= Beginning of Section =
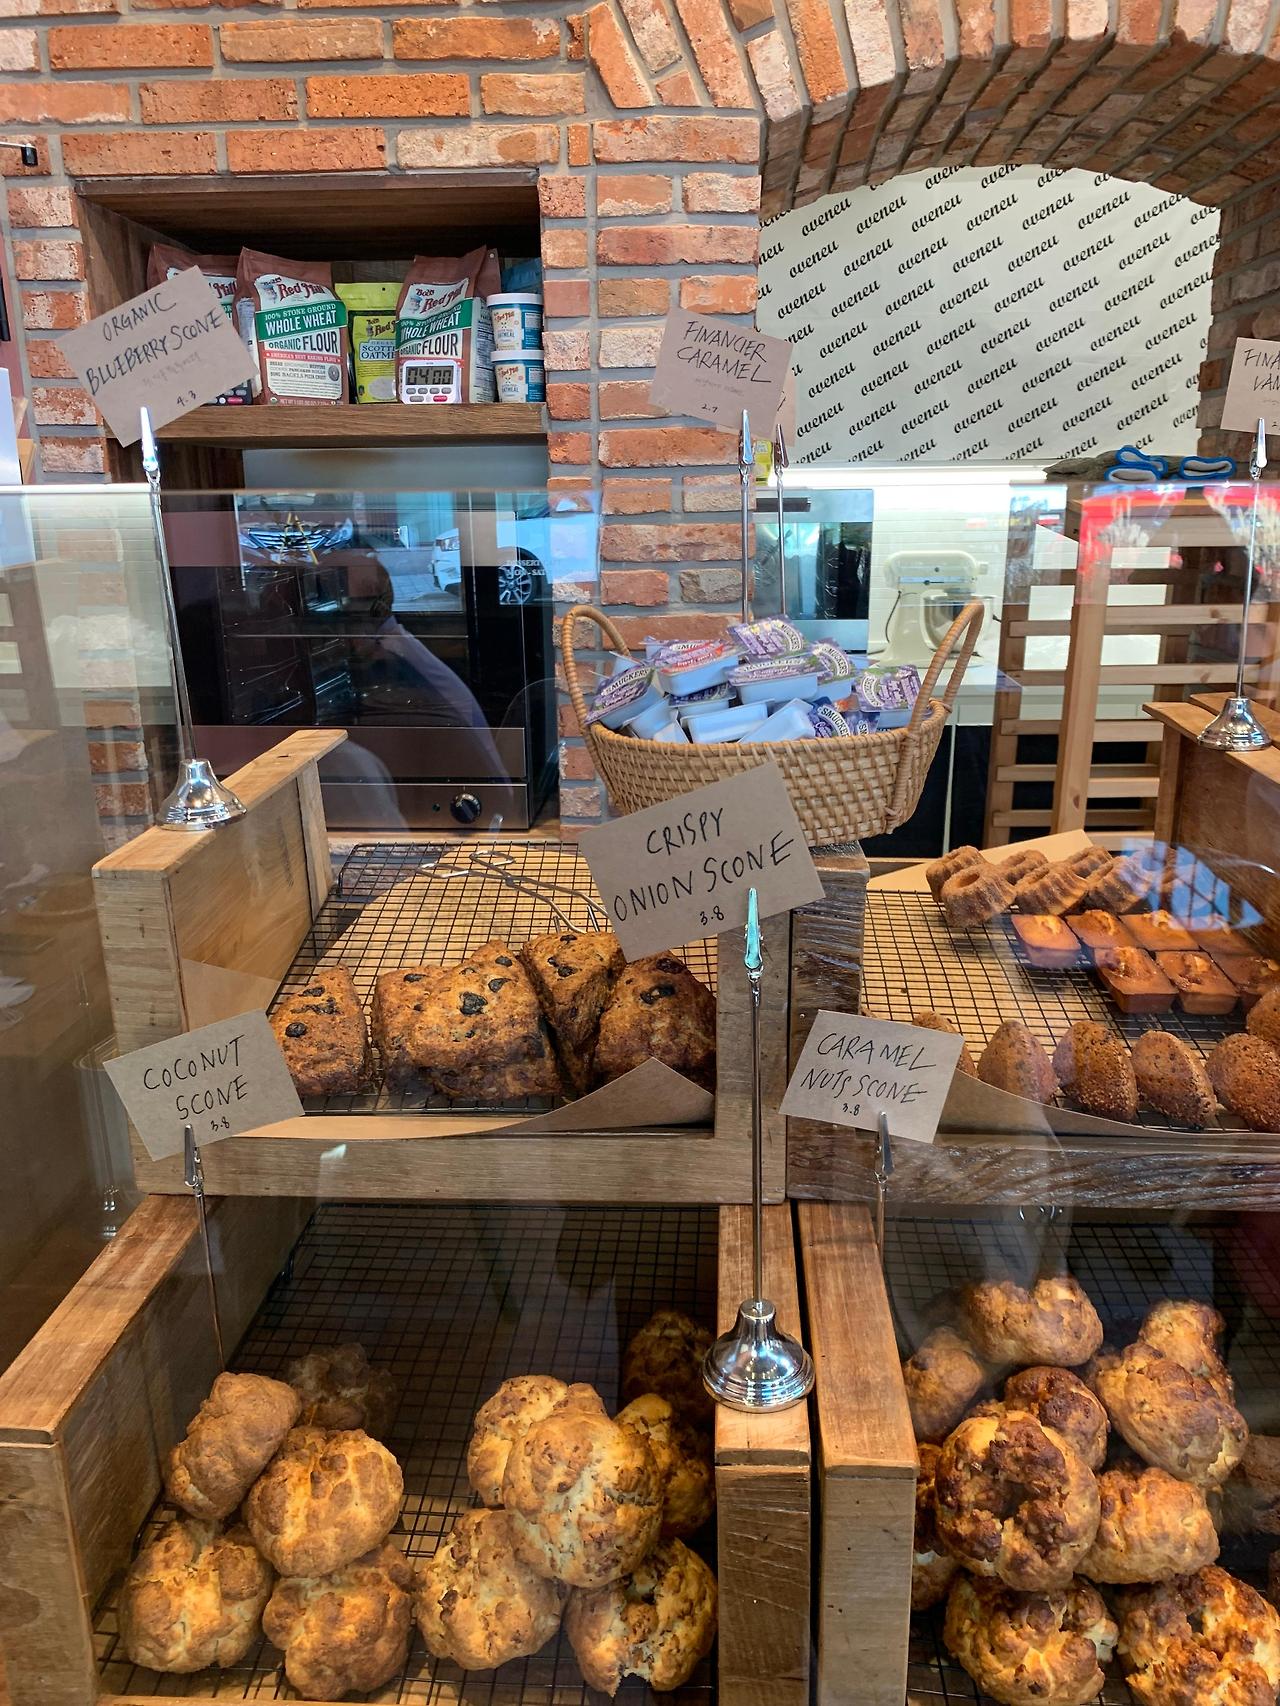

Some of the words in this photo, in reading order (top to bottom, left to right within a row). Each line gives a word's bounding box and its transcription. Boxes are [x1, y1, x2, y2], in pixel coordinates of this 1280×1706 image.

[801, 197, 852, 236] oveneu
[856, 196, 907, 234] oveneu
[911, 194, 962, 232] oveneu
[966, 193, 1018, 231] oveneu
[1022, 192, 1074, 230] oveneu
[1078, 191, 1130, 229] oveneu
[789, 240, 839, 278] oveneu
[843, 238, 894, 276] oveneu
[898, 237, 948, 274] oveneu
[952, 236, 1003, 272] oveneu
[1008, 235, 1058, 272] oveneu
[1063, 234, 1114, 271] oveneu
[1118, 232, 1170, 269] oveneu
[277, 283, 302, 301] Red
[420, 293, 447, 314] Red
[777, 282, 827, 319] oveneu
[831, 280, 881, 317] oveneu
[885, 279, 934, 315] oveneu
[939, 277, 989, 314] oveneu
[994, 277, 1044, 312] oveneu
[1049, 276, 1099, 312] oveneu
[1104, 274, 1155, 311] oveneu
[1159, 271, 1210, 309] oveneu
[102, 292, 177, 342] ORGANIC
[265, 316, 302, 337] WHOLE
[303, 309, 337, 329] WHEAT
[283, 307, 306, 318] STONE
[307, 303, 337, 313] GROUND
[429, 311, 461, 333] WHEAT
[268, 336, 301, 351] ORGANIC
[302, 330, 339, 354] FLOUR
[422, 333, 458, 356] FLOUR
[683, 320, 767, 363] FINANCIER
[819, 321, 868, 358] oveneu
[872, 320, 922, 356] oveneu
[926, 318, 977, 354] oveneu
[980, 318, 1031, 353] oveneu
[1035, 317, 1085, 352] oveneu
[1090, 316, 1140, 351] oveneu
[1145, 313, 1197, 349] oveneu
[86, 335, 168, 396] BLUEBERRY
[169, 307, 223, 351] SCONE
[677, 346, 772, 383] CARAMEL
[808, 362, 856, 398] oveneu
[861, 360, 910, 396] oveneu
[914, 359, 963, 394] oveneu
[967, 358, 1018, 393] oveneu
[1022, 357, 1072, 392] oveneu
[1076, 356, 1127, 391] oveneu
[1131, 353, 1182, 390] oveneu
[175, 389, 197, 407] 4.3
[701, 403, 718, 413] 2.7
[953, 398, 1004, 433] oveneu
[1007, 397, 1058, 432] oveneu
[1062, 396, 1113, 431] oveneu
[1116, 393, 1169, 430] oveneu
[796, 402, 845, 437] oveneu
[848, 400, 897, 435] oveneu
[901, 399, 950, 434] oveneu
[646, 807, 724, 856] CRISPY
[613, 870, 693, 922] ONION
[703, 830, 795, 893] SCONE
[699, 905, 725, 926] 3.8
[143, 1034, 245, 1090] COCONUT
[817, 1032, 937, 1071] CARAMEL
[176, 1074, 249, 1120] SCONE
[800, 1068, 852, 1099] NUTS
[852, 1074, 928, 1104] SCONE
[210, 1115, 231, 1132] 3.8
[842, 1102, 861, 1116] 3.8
= End of Section =
WORK REQUEST: Scan the entries and show every line in which the word "SCONE" is found.

ANSWER SPACE:
[169, 307, 223, 351] SCONE
[703, 830, 795, 893] SCONE
[176, 1074, 249, 1120] SCONE
[852, 1074, 928, 1104] SCONE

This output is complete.